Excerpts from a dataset
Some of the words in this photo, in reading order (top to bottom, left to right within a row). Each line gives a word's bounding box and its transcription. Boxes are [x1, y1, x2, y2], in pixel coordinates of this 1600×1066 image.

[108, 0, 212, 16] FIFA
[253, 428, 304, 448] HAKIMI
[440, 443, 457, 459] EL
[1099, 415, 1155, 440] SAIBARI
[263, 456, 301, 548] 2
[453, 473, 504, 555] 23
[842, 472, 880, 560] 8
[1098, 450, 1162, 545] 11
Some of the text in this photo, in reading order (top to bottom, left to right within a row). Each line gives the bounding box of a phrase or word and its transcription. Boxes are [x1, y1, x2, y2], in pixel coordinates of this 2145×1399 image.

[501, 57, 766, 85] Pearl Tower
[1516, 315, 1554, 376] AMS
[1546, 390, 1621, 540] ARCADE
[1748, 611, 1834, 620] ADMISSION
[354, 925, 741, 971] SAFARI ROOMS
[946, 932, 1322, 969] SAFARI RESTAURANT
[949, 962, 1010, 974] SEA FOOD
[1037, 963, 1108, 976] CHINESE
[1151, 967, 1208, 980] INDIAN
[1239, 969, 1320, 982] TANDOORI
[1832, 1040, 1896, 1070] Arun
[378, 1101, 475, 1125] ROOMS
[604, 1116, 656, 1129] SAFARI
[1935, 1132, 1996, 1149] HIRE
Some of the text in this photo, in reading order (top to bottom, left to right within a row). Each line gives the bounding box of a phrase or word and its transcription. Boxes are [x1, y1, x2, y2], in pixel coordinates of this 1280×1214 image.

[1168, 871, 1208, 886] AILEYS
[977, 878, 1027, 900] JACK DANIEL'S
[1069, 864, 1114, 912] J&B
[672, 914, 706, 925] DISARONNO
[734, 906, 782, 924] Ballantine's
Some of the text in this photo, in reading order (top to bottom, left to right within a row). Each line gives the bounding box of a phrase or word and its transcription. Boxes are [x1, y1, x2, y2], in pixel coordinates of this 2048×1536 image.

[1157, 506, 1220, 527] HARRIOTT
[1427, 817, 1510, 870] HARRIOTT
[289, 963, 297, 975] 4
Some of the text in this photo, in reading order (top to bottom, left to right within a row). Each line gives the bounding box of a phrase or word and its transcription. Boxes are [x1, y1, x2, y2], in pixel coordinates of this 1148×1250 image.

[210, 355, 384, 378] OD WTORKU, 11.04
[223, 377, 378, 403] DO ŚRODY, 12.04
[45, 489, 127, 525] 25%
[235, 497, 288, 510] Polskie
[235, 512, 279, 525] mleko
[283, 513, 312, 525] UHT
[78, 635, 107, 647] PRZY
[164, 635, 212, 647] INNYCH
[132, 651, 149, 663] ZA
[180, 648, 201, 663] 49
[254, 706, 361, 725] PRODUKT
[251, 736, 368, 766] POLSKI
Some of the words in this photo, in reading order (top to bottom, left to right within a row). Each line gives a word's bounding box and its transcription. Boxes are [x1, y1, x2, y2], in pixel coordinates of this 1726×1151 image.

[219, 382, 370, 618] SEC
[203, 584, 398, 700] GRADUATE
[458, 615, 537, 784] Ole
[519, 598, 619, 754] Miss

■ Your goal
Reproduce, word for word, every line starting at the line that contains "this 1726×1151 image." and ending with the final line of the entries.

■ Exercise output
Some of the words in this photo, in reading order (top to bottom, left to right within a row). Each line gives a word's bounding box and its transcription. Boxes are [x1, y1, x2, y2], in pixel coordinates of this 1726×1151 image.

[219, 382, 370, 618] SEC
[203, 584, 398, 700] GRADUATE
[458, 615, 537, 784] Ole
[519, 598, 619, 754] Miss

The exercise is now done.